Olivier Steiner | Une robe couleur Suie des cheminées de Londres
Allez chez Mesdames, surtout quand les Grands ou la Galerie sont embouteillés, c’est plus petit chez Mesdames, c’est plus charmant, on y sent mieux le XVIIIe siècle, si jamais on peut toujours le sentir, le percevoir, le XVIIIe ou son idée, son rêve, ses couleurs.
Le couple royal, Louis XV et sa femme Marie Leszczynska, donne naissance, en une dizaine d’années, à dix enfants : huit filles, ainsi que le dauphin et un second fils qui ne survivra pas à la rougeole. Louise de France, la dernière, naît en 1737.
Elles s’appellent Elisabeth de France, Henriette de France, Marie-Louise de France, Adélaïde de France, Victoire de France, Sophie de France, Thérèse de France, Louise de France. Leur titre est Filles de France, on dit aussi « Madame ».
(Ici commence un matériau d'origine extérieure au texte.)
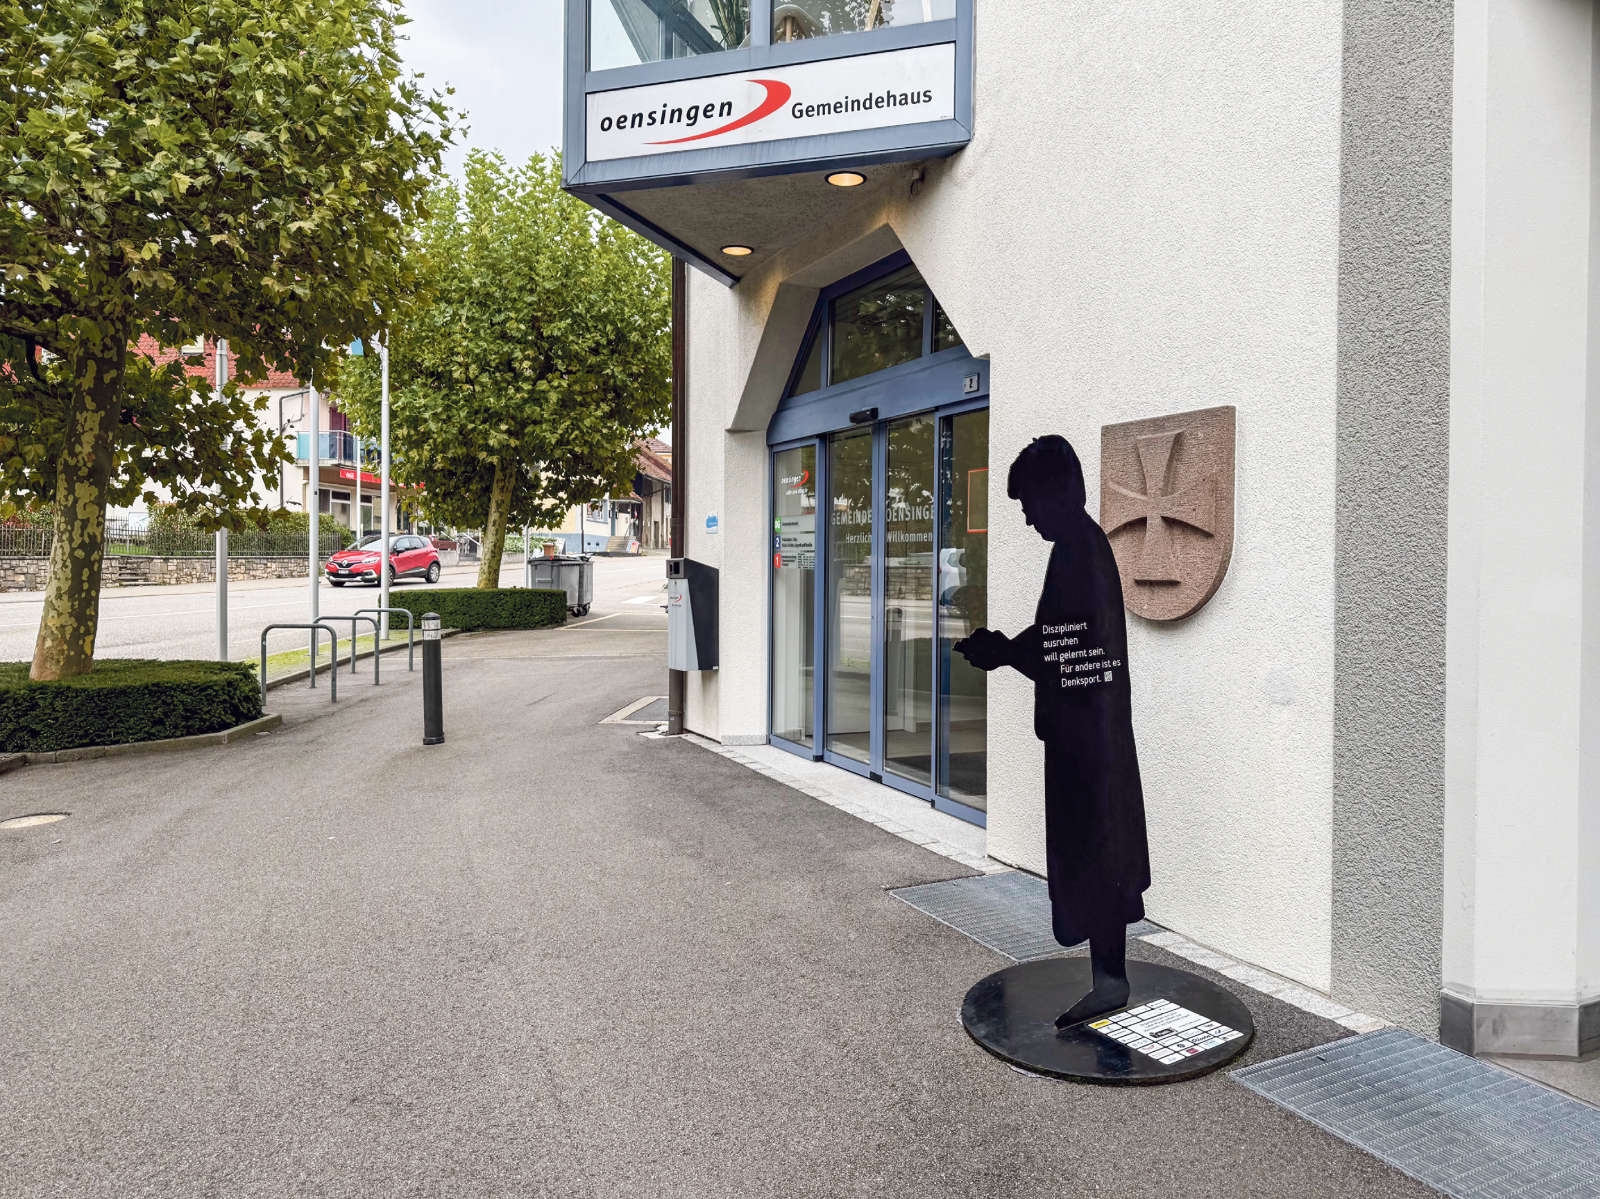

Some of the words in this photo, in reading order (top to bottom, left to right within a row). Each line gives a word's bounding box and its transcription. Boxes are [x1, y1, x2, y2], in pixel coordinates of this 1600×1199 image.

Les huit Filles ne sont pas toutes élevées à la Cour de Versailles car leur éducation est jugée trop coûteuse. Les quatre cadettes, Victoire, Sophie, Thérèse et Louise, sont donc placées à l’abbaye de Fontevraud tandis que les aînées, Louise-Elisabeth, Anne-Henriette, Marie-Louise et Marie-Adélaïde, restent aux côtés du roi. Séparées, l’influence de Mesdames est limitée.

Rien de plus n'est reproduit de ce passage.